TASK DETAILS - Return an exact copy of the entries, skipping any picture you find.

DATA LISTING -

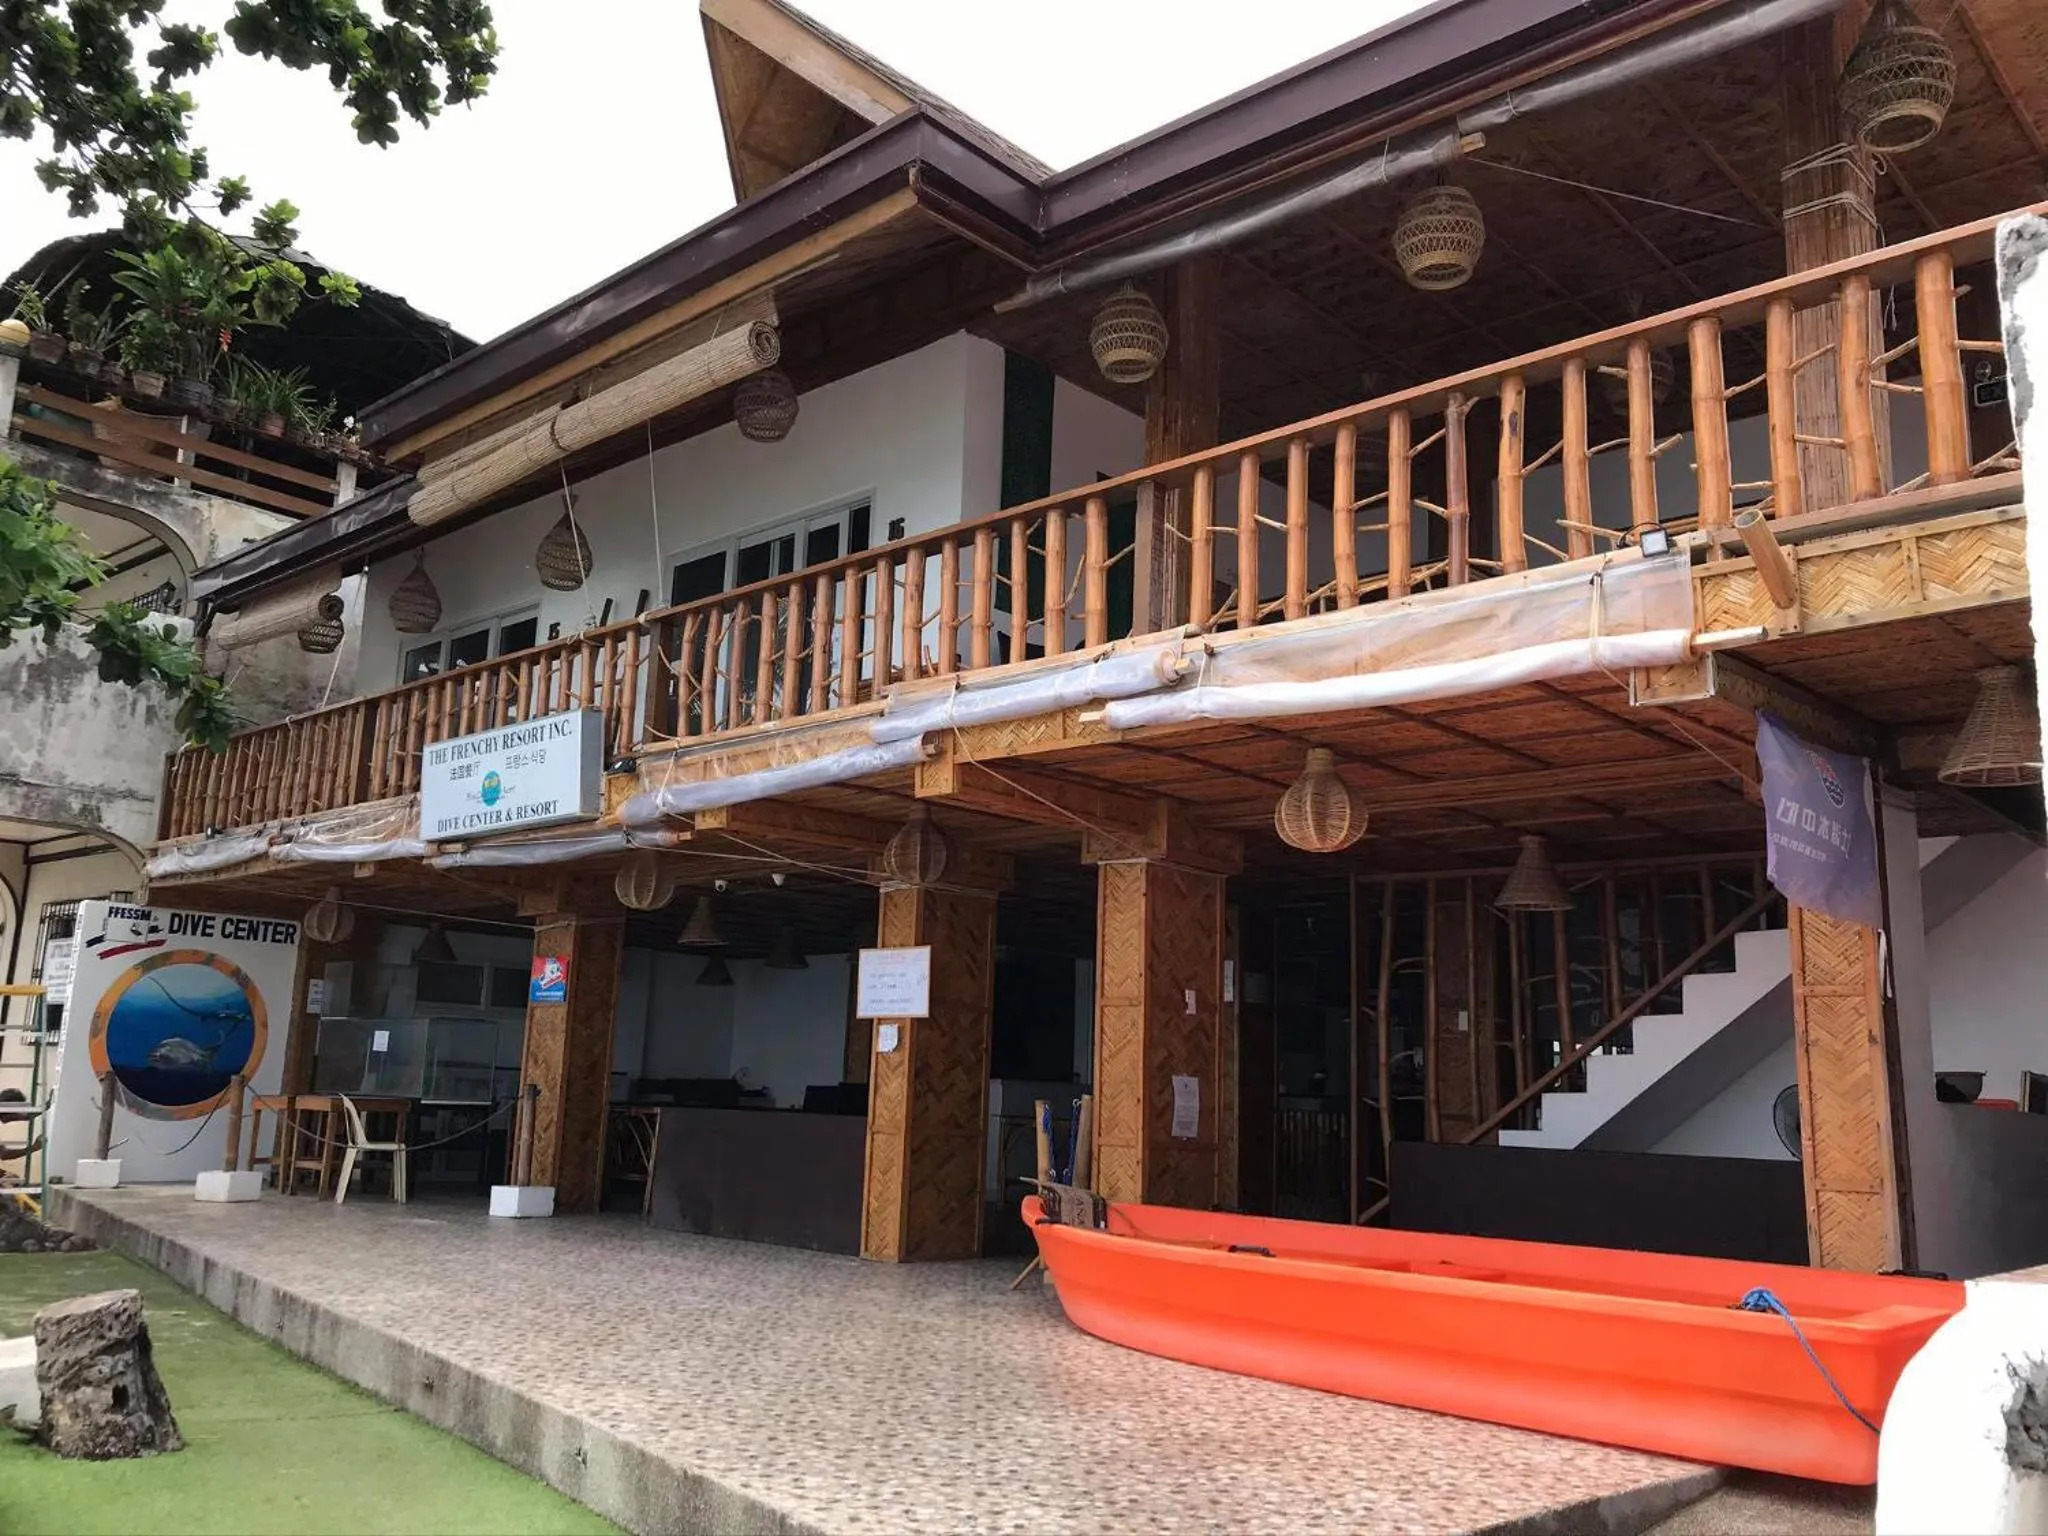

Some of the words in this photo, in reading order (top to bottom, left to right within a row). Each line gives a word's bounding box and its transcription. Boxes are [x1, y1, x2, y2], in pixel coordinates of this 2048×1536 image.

[428, 747, 449, 766] THE
[451, 736, 499, 761] FRENCHY
[502, 725, 546, 750] RESORT
[548, 719, 572, 740] INC.
[505, 753, 529, 770] 프랑스
[531, 749, 547, 764] 식당
[437, 816, 460, 833] DIVE
[462, 809, 502, 829] CENTER
[505, 808, 513, 821] &
[516, 800, 559, 819] RESORT
[108, 906, 152, 921] FFESSM
[168, 912, 216, 938] DIVE
[221, 916, 297, 945] CENTER

ANSWER TO THE EXERCISE -
Some of the words in this photo, in reading order (top to bottom, left to right within a row). Each line gives a word's bounding box and its transcription. Boxes are [x1, y1, x2, y2], in pixel coordinates of this 2048×1536 image.

[428, 747, 449, 766] THE
[451, 736, 499, 761] FRENCHY
[502, 725, 546, 750] RESORT
[548, 719, 572, 740] INC.
[505, 753, 529, 770] 프랑스
[531, 749, 547, 764] 식당
[437, 816, 460, 833] DIVE
[462, 809, 502, 829] CENTER
[505, 808, 513, 821] &
[516, 800, 559, 819] RESORT
[108, 906, 152, 921] FFESSM
[168, 912, 216, 938] DIVE
[221, 916, 297, 945] CENTER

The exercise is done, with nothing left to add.